Once upon a time while I was in renal failure — but before my kidney was removed — I met an older woman online in a high-falutin’ self-development group. Then I learned I was in renal failure, and I announced it to the group since it meant I’d have to drop out.
A few women reached out, and this one — we’ll call her Tammy — offered to drop in and ‘sit with’ me. Since I had a part-time nurse, this seemed ok. But I was on lots of medication, and I was in a state of real mental and emotional distress.
Tammy showed up late, after my nurse had left for the day. What followed was a visit from the bowels of hell. Despite the fact that I had just been released from the hospital with a devastating diagnosis, Tammy demanded that I cater to herwhims, which were plentiful.
She criticized the fact that I had some art sitting on the floor although it was framed and waiting to be hung.
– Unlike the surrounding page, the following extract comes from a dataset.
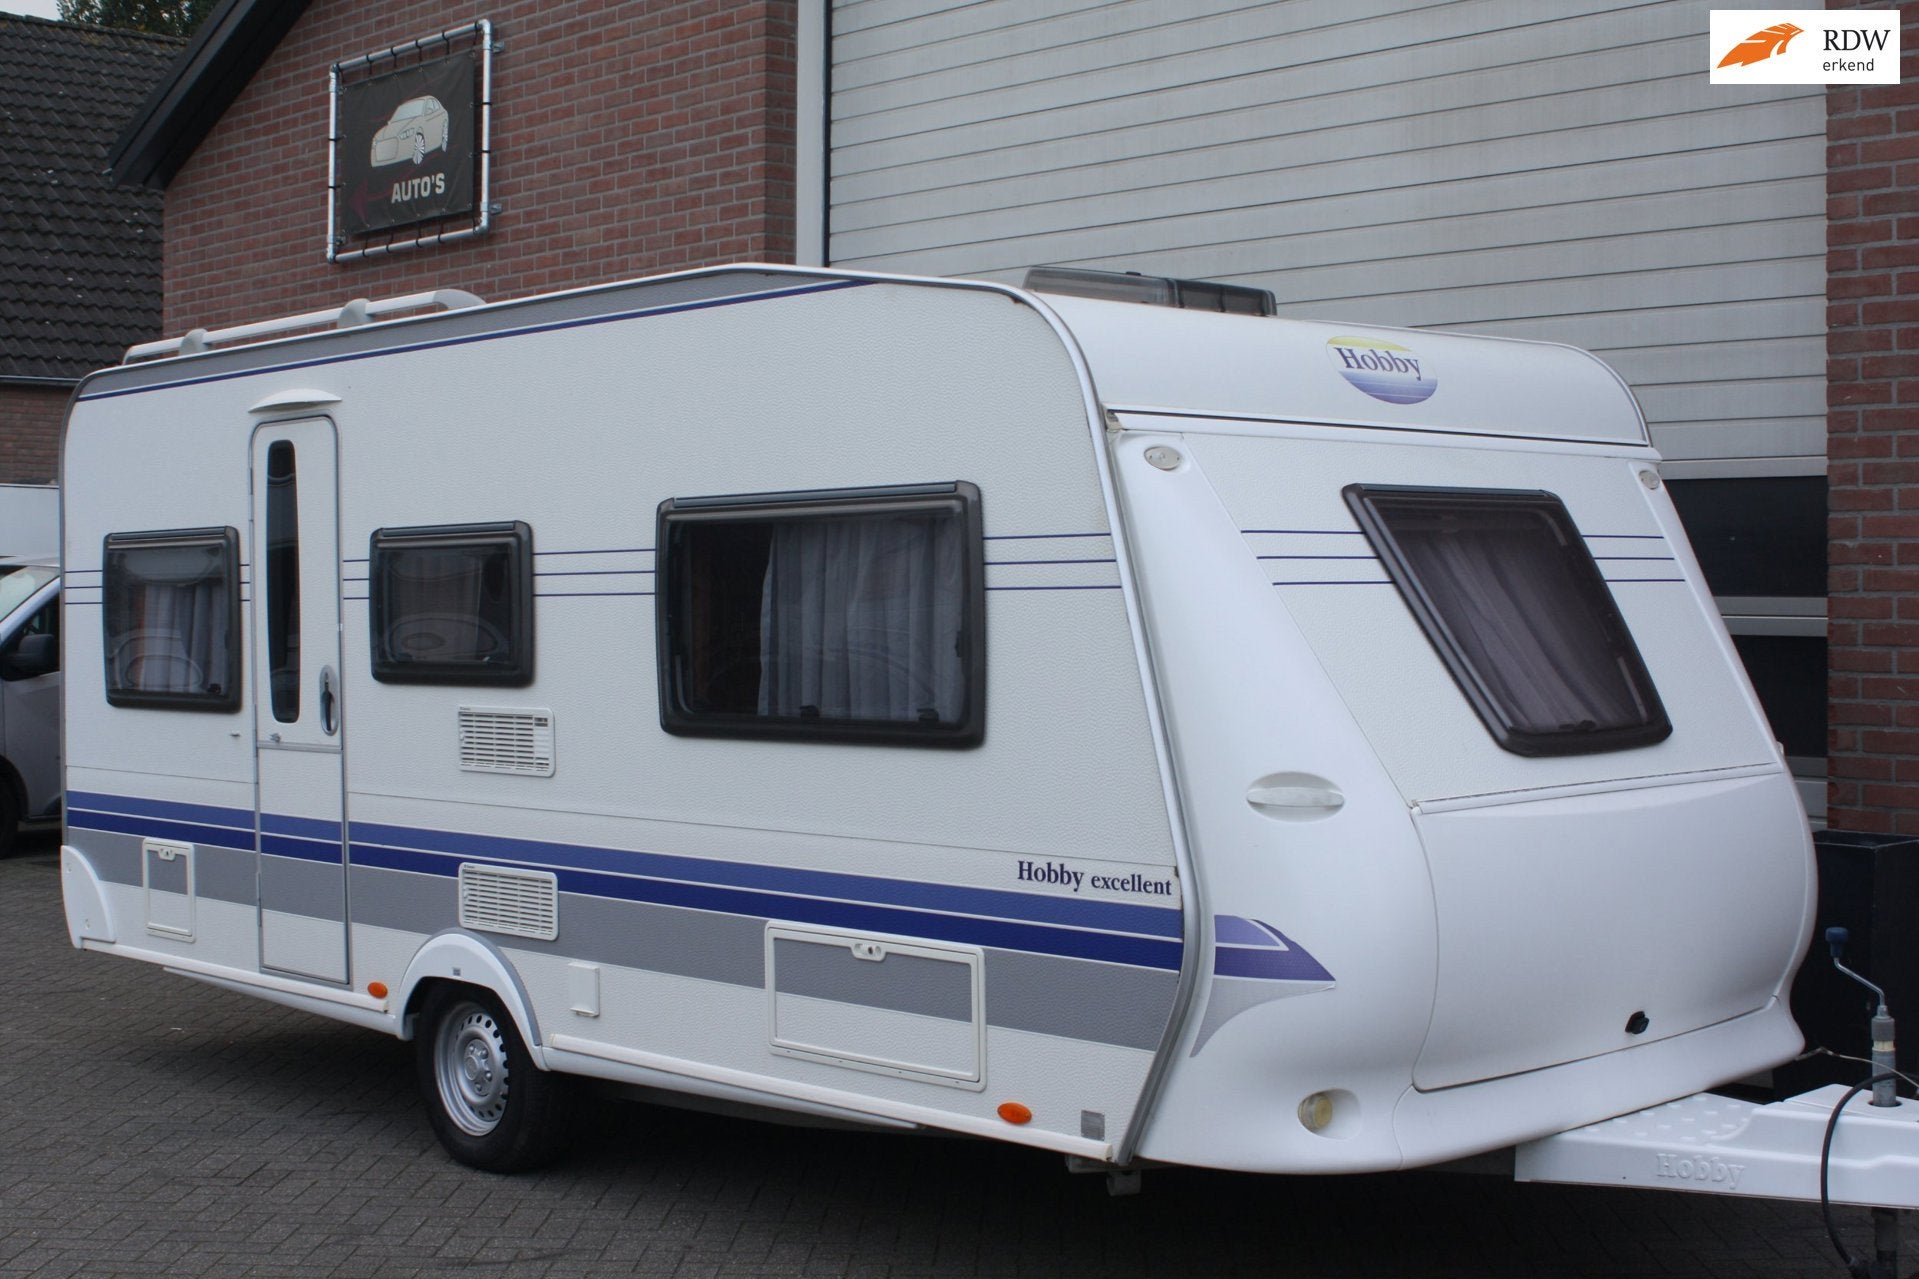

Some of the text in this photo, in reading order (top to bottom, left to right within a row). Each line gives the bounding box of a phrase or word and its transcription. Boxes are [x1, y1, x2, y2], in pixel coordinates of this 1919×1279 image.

[391, 172, 445, 204] AUTO'S
[1333, 346, 1422, 382] Hobby
[1017, 860, 1172, 896] Hobby excellent
[1656, 1152, 1746, 1191] Hobby
She spent 2 hours telling me the ins and outs of her feuds with different members of her family, which basically amounted to nobody speaking to her any longer.
When I asked her to leave she refused by stating she was going to stay there until my partner showed up so I wouldn’t be alone. At this point, I was seriously considering calling the police or an ambulance to come pick me up and get me away from this woman.
I tried to escape by going to the bathroom, and Tammy followed me.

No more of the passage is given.